Swab samples: Swab samples can be taken from any surface and submitted for analysis. Although an easy way to sample areas for mold, the presence of tiny matter on a particular surface is not a direct
indication of what may be present in the air.

Air Testing: Air sampling involves forcing a specific amount of air through a sampler which pushes air onto a collection device. This device is then sent to a certified laboratory for analysis. Air sampling can determine
if elevated levels of mold exist because they reveal the types of mold present and the levels. An outdoor sample is also required as a baseline
of what is naturally occurring around your property. When the level of mold indoors is greater than outdoors, it indicates a problem is present, such as mold growth from a leak in the roof, foundation, plumbing or other source.

Radon Testing

Radon, an indoor air pollutant, is a colorless, odorless radioactive gas. It comes from naturally occurring uranium in soil. The only way to tell how much radon you have in your house is to test.

Radon is the leading cause of lung cancer among non-smokers. As many as 1.160 Illinois citizens are estimated to develop radon related lung cancer annually. The Surgeon General of the United States stated "breathing radon over prolonged periods can present a significant health risk to families all over the country." The USEPA recommends that indoor radon levels be below 4.0 picocuries per liter of air.

Most Radon enters a home because of air pressure and temperature difference between the home and the outside air.
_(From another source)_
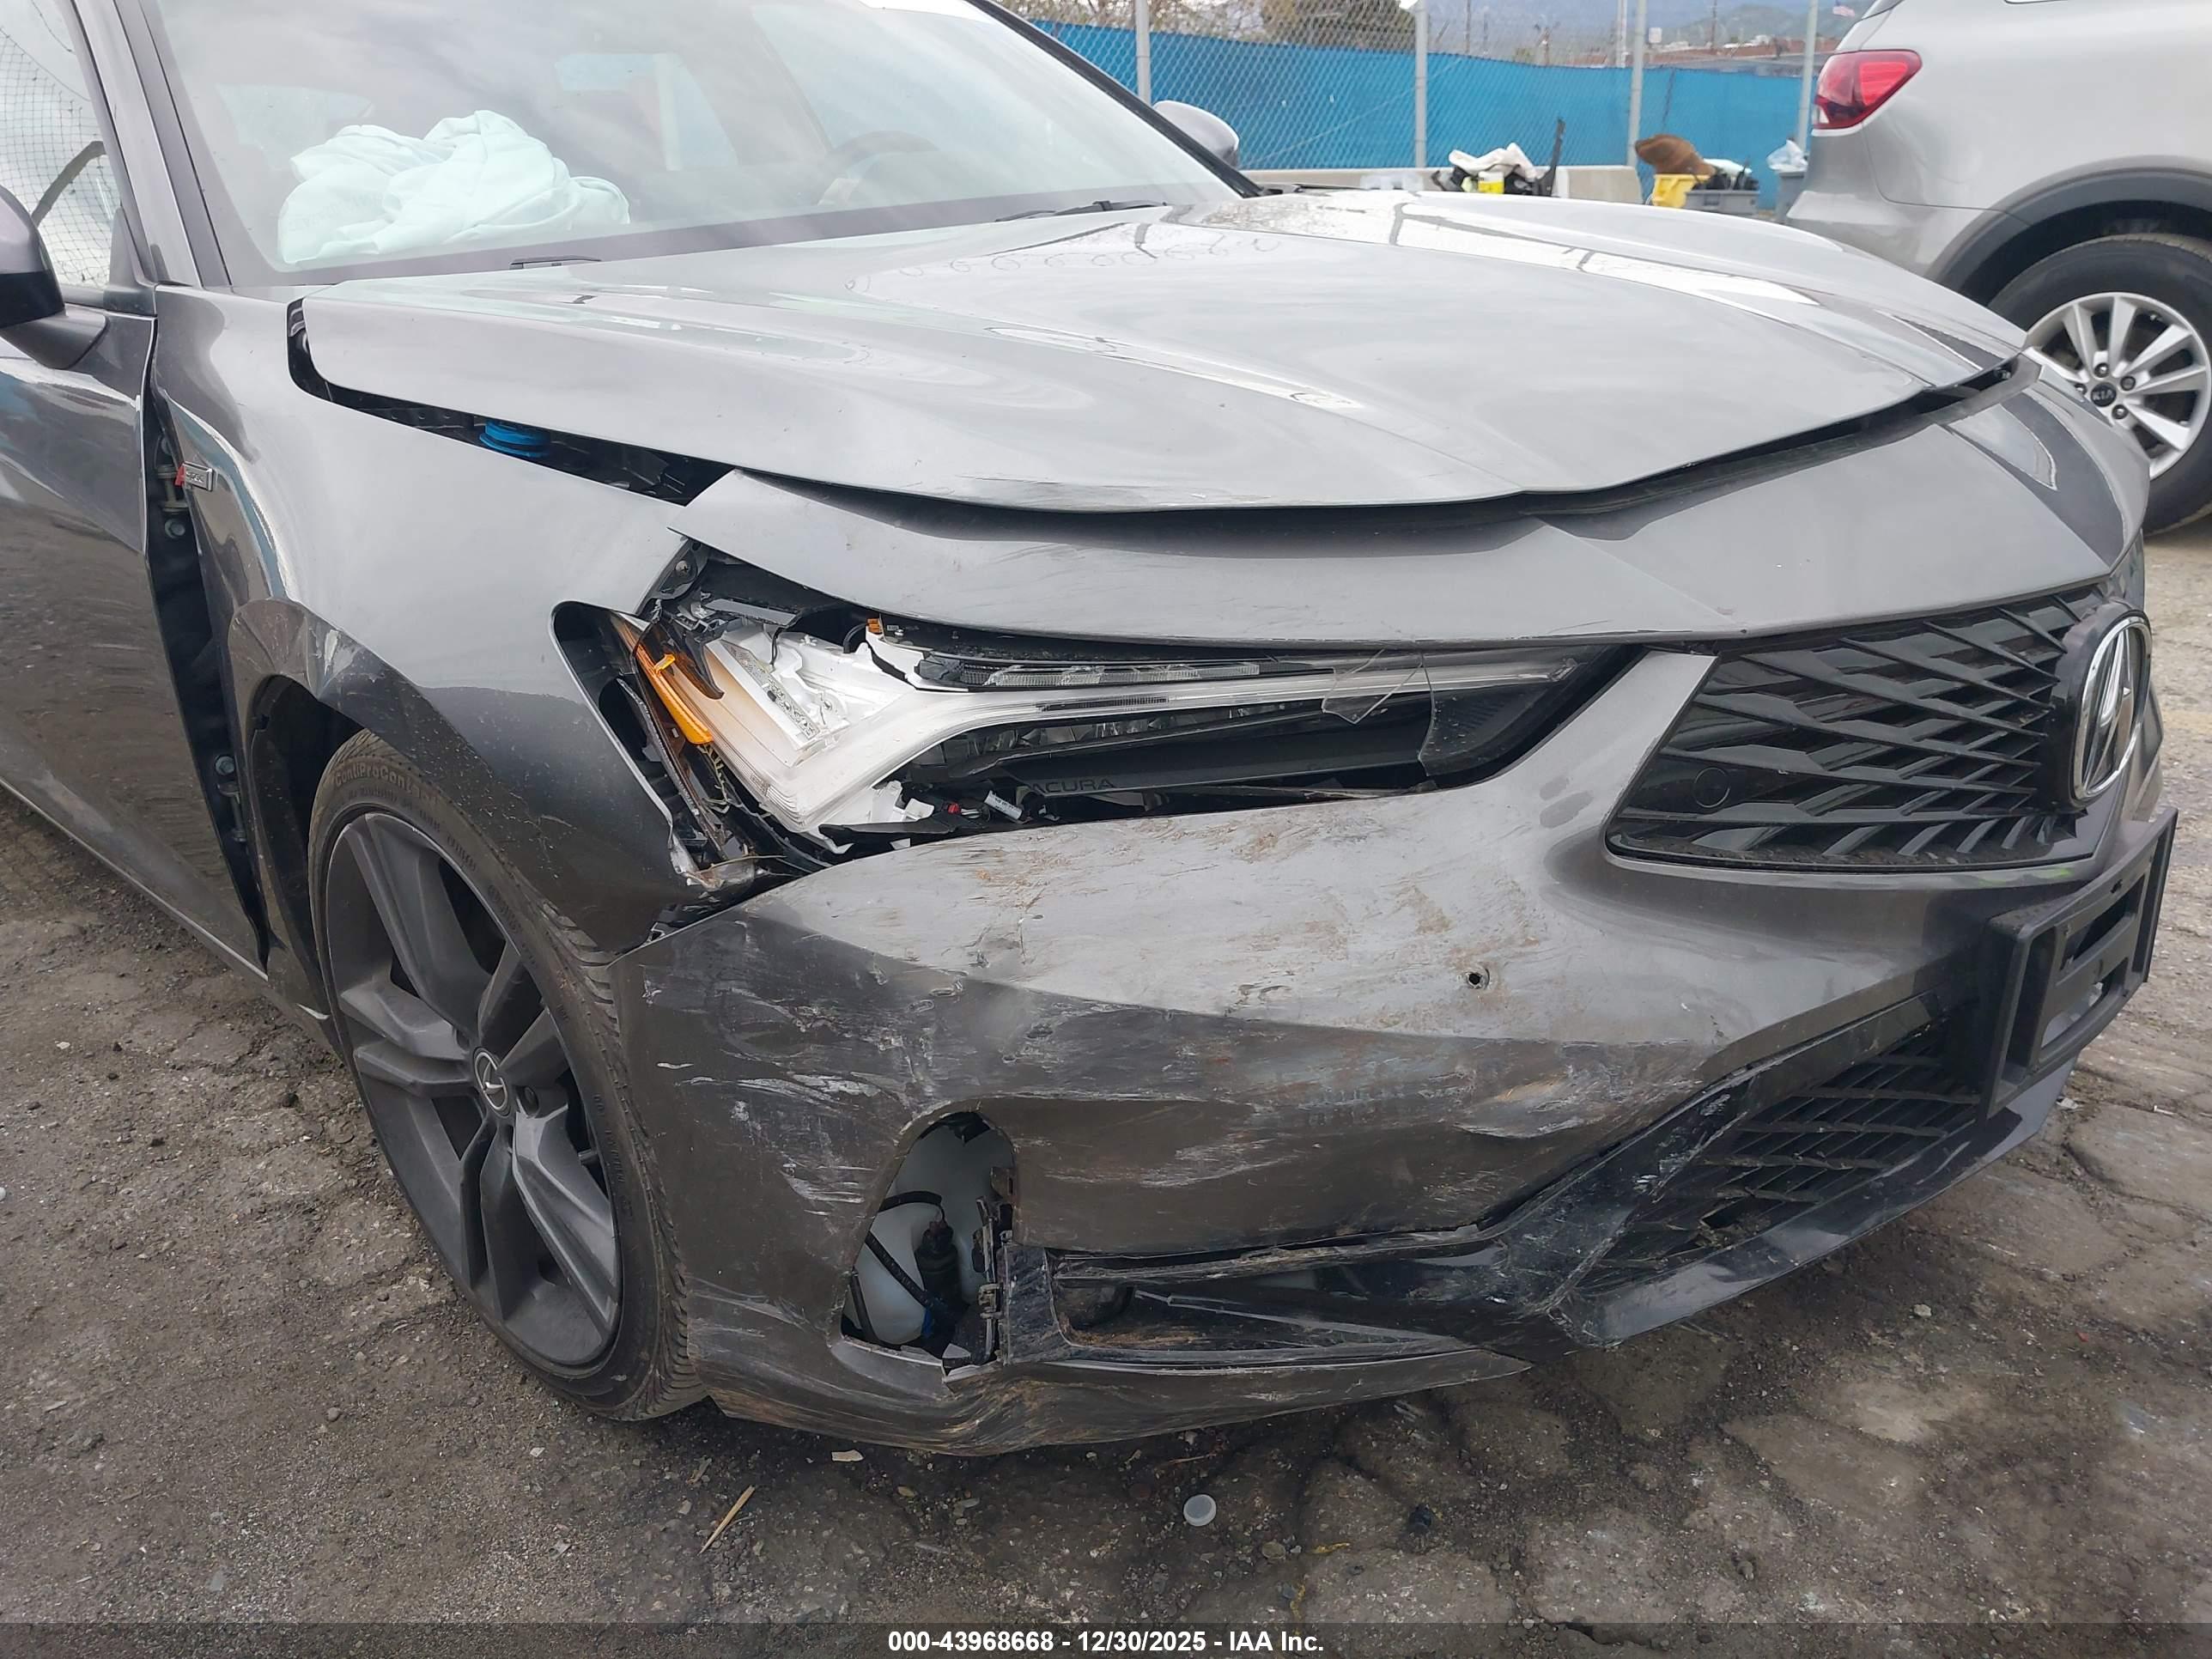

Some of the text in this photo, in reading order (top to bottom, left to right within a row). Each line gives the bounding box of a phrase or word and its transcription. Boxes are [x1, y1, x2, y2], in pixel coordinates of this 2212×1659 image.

[2092, 388, 2115, 401] KIA
[333, 761, 442, 805] ContiProConta
[1032, 778, 1116, 793] ACURA
When air is vented from buildings by natural or powered ventilation, radon and other soil gases are drawn in from the surrounding soil through openings between the house and the soil.

There are reliable ways to measure indoor radon for short-term test periods that last only a few days, and for long-term test periods that may range from a few months to more than a year. Using recommended measurement devices, you can determine the radon potential of the home under "worst case conditions" (short-term test), or measure actual radon exposure under normal living conditions, (long-term test).
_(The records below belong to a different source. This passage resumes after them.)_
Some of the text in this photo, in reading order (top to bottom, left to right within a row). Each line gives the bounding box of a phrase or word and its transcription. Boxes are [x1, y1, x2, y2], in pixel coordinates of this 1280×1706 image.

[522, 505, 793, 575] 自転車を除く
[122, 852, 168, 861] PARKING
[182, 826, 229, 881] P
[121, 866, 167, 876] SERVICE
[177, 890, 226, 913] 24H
Short-term tests are typically conducted over a two or three day period. Results of short-term tests represent the radon potential of the home, rather than the actual exposure encountered under normal living conditions, unless residents keep the home's windows and doors closed year-round. That's because EPA guidelines for short-term radon tests require "Closed-House Conditions," to promote maximum radon concentration during the brief test period.

The placement of the device within the home must follow the manufacturer's instructions and is dependent on whether or not the test is being conducted for a real estate transaction.

Short-term tests are usually 2 to 7 days long and are done under "closed-house" conditions that begin at least 12 hours before the test and remain in effect for the duration of the test.